# WHAT IS NEEDED:
Give the entries again exactly. Skip the pictures.

# DATA FOR THE TASK:
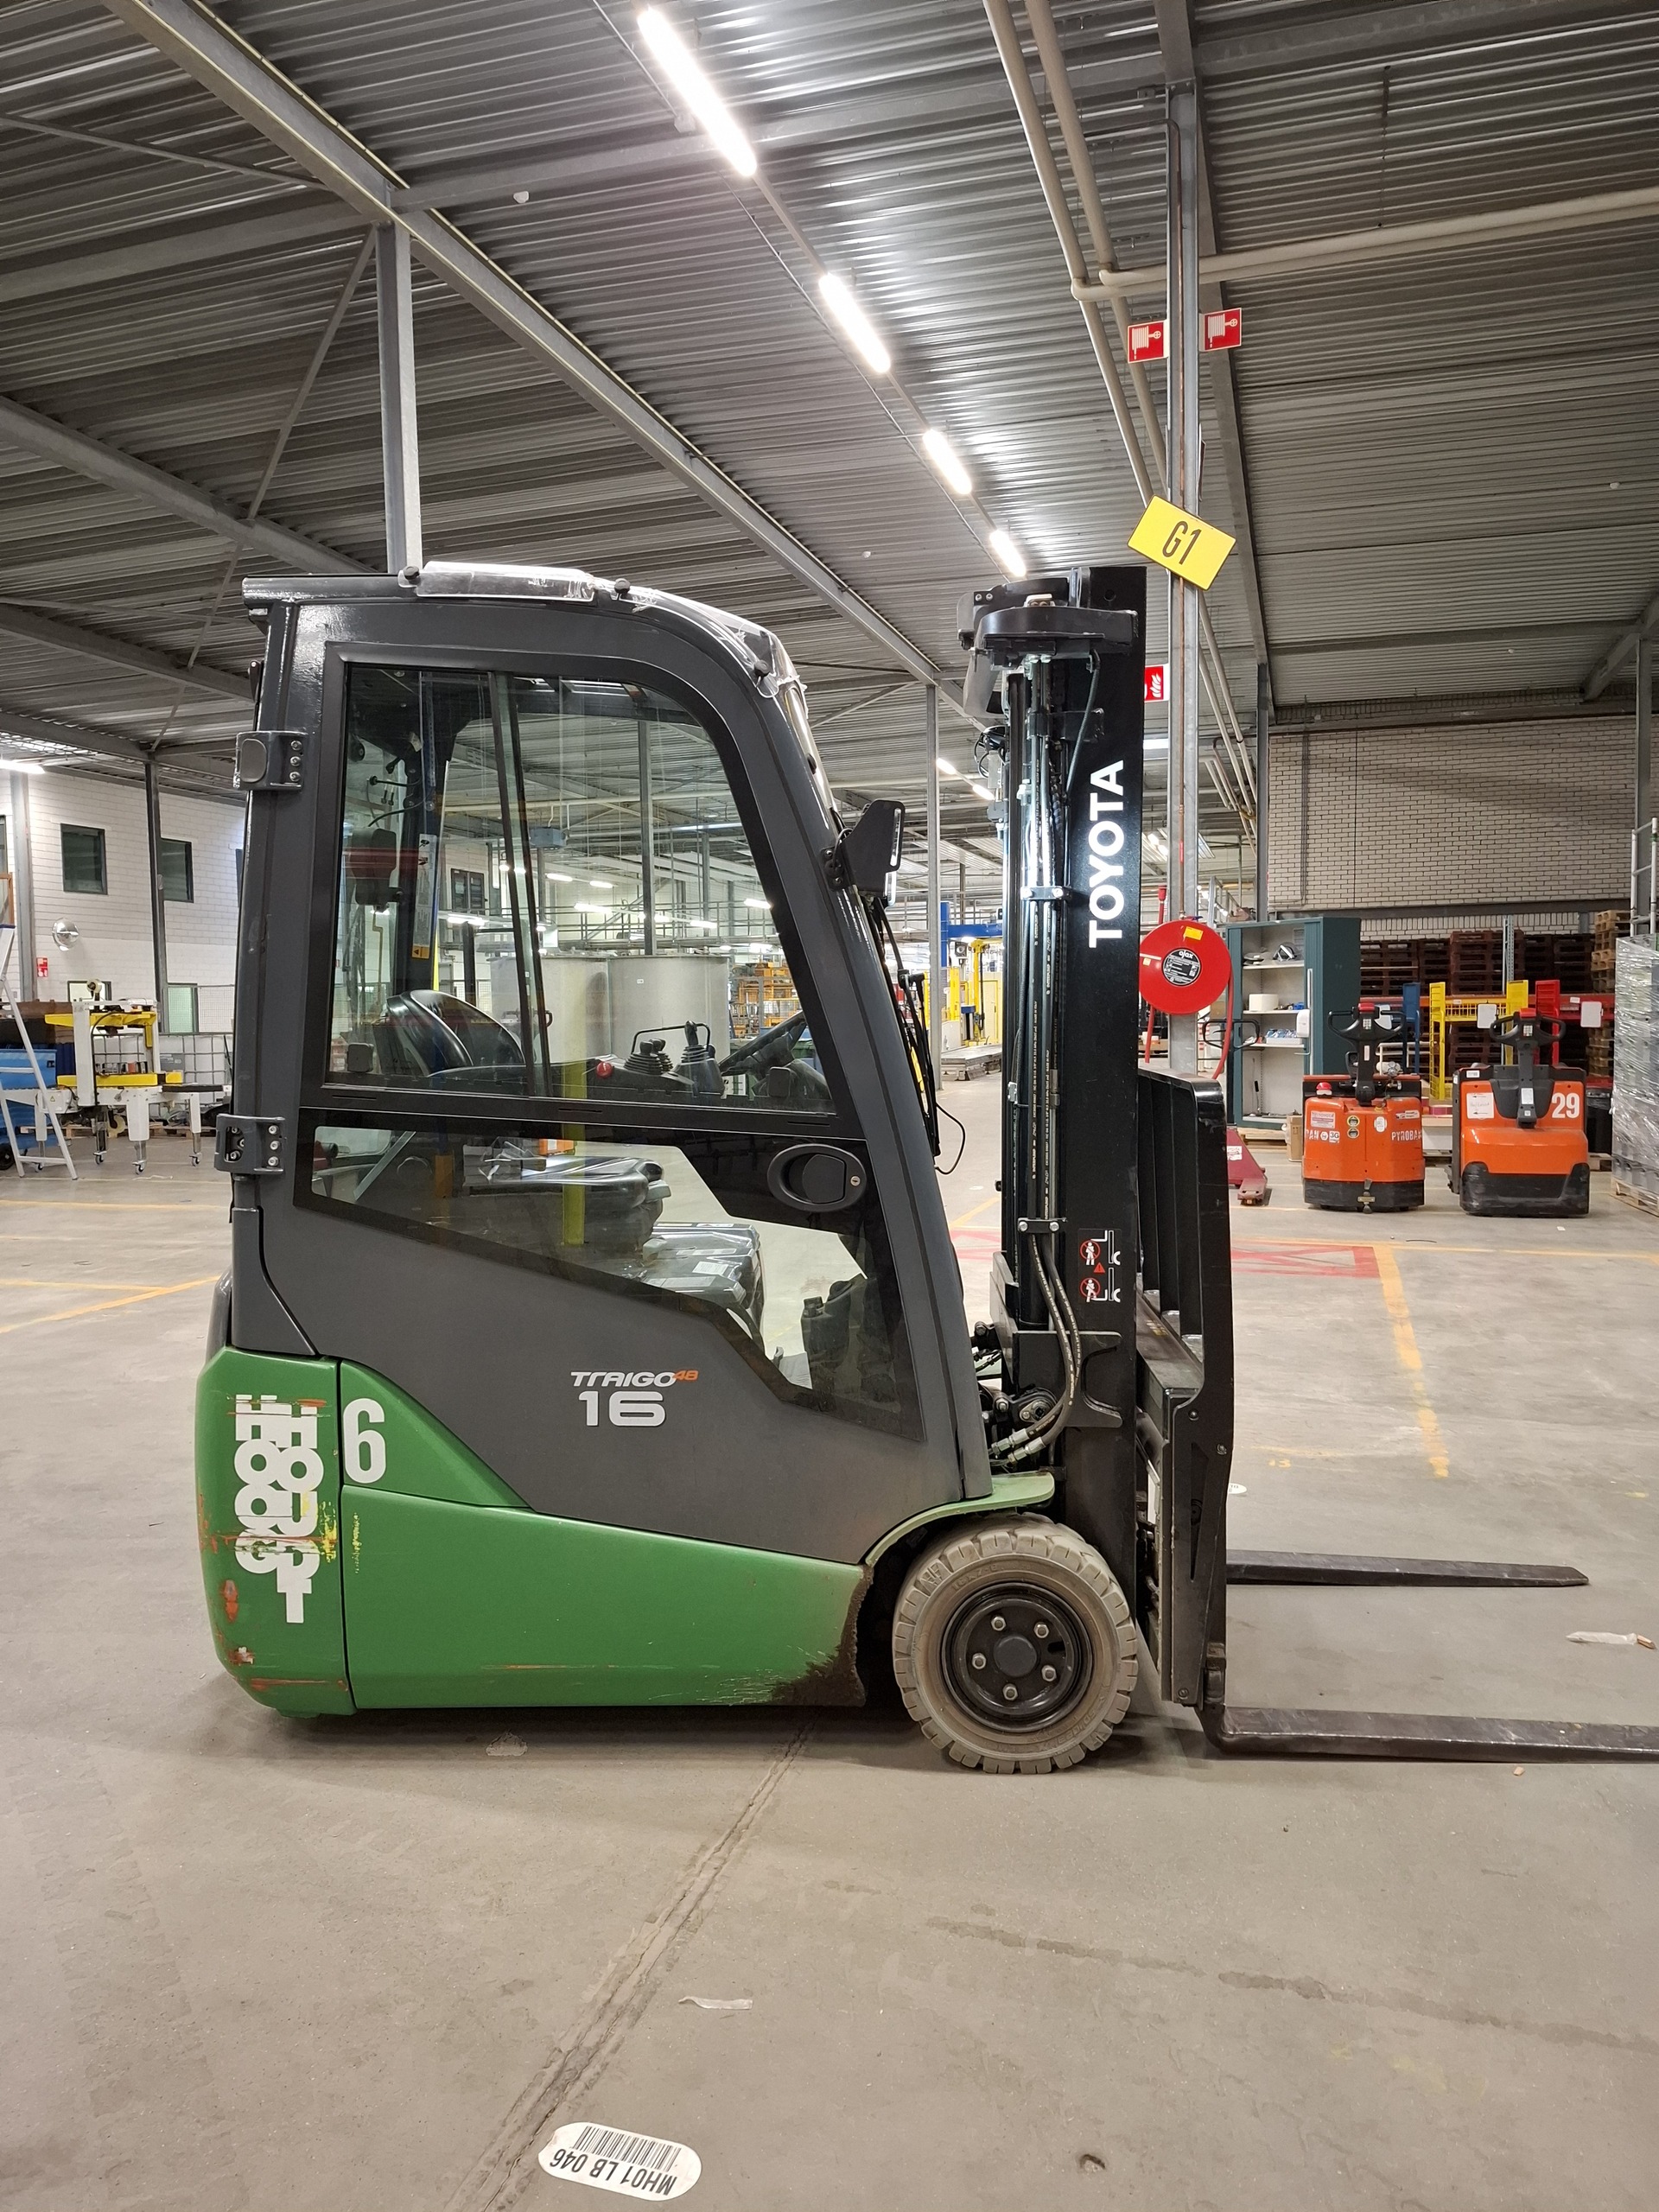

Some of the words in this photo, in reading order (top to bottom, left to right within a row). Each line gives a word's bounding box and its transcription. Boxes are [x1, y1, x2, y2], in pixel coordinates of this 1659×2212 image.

[1162, 520, 1202, 565] G1
[1089, 760, 1125, 949] TOYOTA
[1552, 1092, 1580, 1118] 29
[578, 1390, 665, 1426] 16
[343, 1397, 386, 1484] 6
[550, 2148, 588, 2173] 046
[589, 2158, 619, 2181] LB
[620, 2166, 677, 2196] MH01

# RESULT:
Some of the words in this photo, in reading order (top to bottom, left to right within a row). Each line gives a word's bounding box and its transcription. Boxes are [x1, y1, x2, y2], in pixel coordinates of this 1659×2212 image.

[1162, 520, 1202, 565] G1
[1089, 760, 1125, 949] TOYOTA
[1552, 1092, 1580, 1118] 29
[578, 1390, 665, 1426] 16
[343, 1397, 386, 1484] 6
[550, 2148, 588, 2173] 046
[589, 2158, 619, 2181] LB
[620, 2166, 677, 2196] MH01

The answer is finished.